# [Work task]
Below are the records. Restate word for word every line from the one that contains "this 1270×1271 image." through the final line, both included.

# [Dataset excerpts]

☆ ☆ ☆ ☆ ☆

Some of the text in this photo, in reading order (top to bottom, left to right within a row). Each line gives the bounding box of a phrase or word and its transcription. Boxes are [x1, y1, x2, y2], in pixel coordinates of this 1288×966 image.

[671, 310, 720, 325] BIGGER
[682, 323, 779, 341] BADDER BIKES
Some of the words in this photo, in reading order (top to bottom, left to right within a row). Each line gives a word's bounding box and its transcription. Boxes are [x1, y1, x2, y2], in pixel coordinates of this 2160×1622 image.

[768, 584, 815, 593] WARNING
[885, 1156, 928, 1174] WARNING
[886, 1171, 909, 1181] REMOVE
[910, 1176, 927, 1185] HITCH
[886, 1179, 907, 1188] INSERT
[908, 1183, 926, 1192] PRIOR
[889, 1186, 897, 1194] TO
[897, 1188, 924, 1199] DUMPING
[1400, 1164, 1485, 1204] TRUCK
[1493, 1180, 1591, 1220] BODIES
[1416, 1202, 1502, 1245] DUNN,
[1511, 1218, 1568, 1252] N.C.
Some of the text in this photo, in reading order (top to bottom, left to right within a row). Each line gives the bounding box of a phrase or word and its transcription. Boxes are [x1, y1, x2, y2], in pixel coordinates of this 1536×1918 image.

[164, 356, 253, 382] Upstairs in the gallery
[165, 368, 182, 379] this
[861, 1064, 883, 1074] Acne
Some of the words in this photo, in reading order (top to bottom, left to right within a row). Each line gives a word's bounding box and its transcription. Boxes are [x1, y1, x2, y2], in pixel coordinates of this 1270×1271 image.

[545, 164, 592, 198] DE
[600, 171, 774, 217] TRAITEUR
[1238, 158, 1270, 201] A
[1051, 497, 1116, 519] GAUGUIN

☆ ☆ ☆ ☆ ☆

# [Task result]
Some of the words in this photo, in reading order (top to bottom, left to right within a row). Each line gives a word's bounding box and its transcription. Boxes are [x1, y1, x2, y2], in pixel coordinates of this 1270×1271 image.

[545, 164, 592, 198] DE
[600, 171, 774, 217] TRAITEUR
[1238, 158, 1270, 201] A
[1051, 497, 1116, 519] GAUGUIN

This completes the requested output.